Thanks to a number of recent upgrades for browsers of all types, it has become possible to use completely valid
XHTML and
CSS to build cross-browser compatible Web sites. It is even possible to, at the same time, make those sites
usable and
accessible to people of every walk of life. Whether you use
Internet Explorer,
Firefox or
Safari,
Windows or
Macintosh or
Linux... Regardless of whether you are colorblind, have poor vision, or are completely blind... Anyone can see anything from anywhere...
If the developers take the time, and make the effort.
Going even farther than that, a Web programming language that was long thought of as the biggest "no-no" a person could use on their sites is now moving ahead to the forefront of every major innovation in Web technologies --
JavaScript (also known, in terms of Web standards, as ECMAScript). Long held as the destroyer of the common Web,
JS is gaining wide acceptance as the language of choice for improved user interaction. Using frameworks such as
jQuery,
extJS,
Prototype, and many others, developers can quickly write unobtrusive code that improves the experience for those who can use it, but does nothing to interrupt the experiences of those who cannot.

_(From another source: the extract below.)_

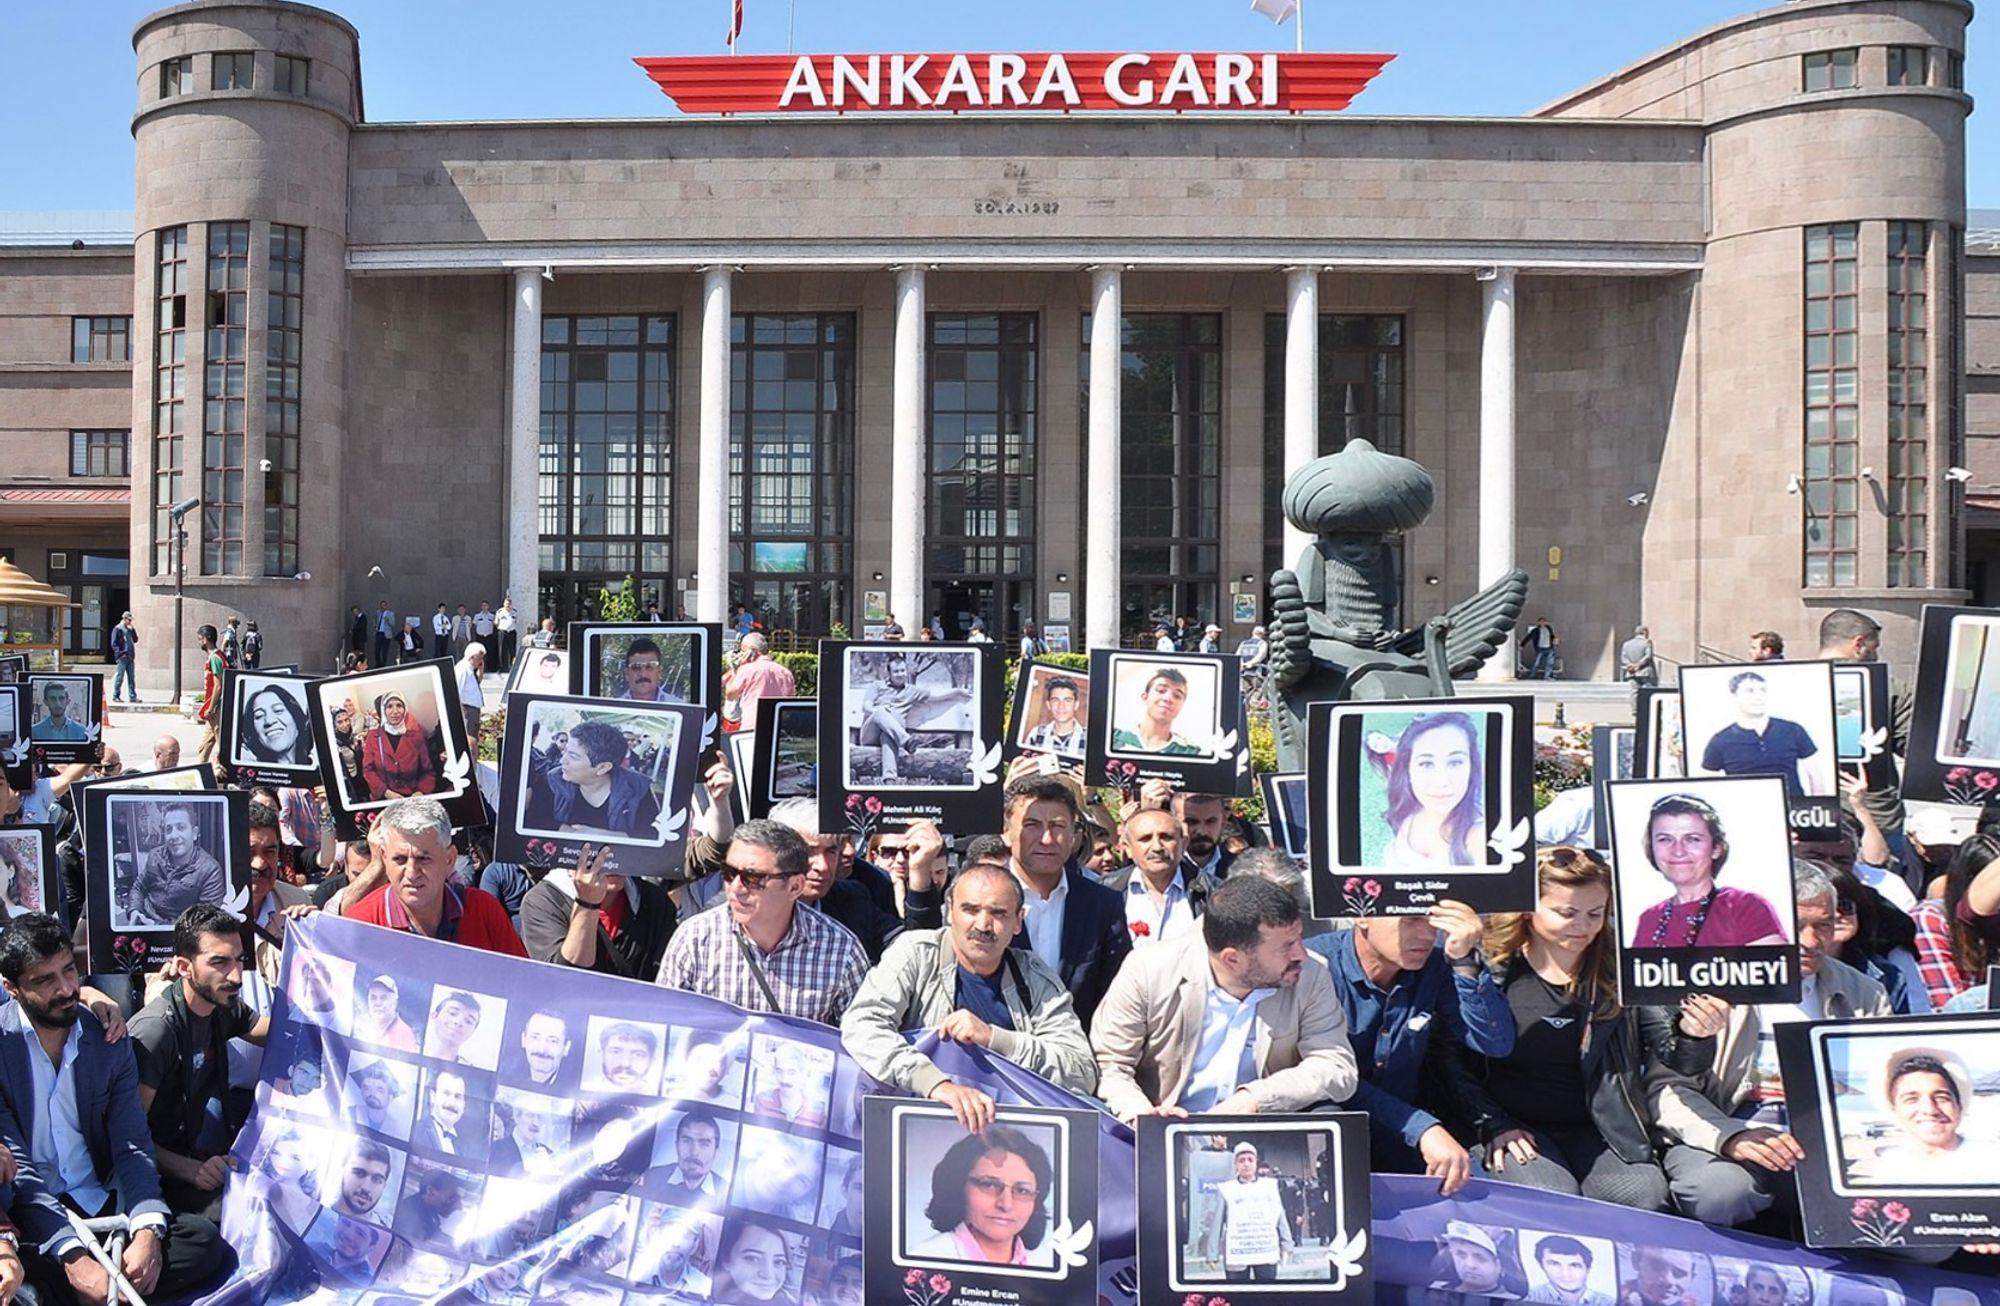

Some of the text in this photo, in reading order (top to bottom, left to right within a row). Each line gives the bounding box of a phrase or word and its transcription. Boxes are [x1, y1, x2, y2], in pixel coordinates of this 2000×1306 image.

Even more amazing has been the rise of AJAX in recent years. Applications of all kinds, many of which are professional enough to seem like full-fledged desktop programs rather than Web-based scripts, are forging ahead.
Google Calendar,
GMail, and
Google Maps are three of these that are both highly visible, and greatly loved.
Those same three examples help to disprove an idea that has often been used as an excuse for avoiding standards compliance: lack of aesthetics. Web standards often are made into a scapegoat for unexciting, even terribly boring, design. The primary cause for this concern is that the sites that most often discuss standards usage are intended to be informational rather than entertaining.
To help reverse that mode of thinking, and to provide a "pretty" discussion of standards, keep in mind that this site is entirely Web-standards compliant, written with thoroughly valid XHTML and CSS, enhanced by unobtrusive JavaScript, and it looks and works perfectly in every browser I have had ever tested it in.
Regardless of how many people read this, or how many change their mind about Web standards because of it, I know that I have been thoroughly impressed with everything I have ever built that put into practice the tenets of standards-compliant design. As we move further into the ever-shifting future and Web development continues to evolve, my eye will always be on what the next standard is, so as to ingest it, learn from it, and adopt it. The use of Web standards can do nothing but improve output, usability, accessibility, stability, and ultimately, satisfaction across the board.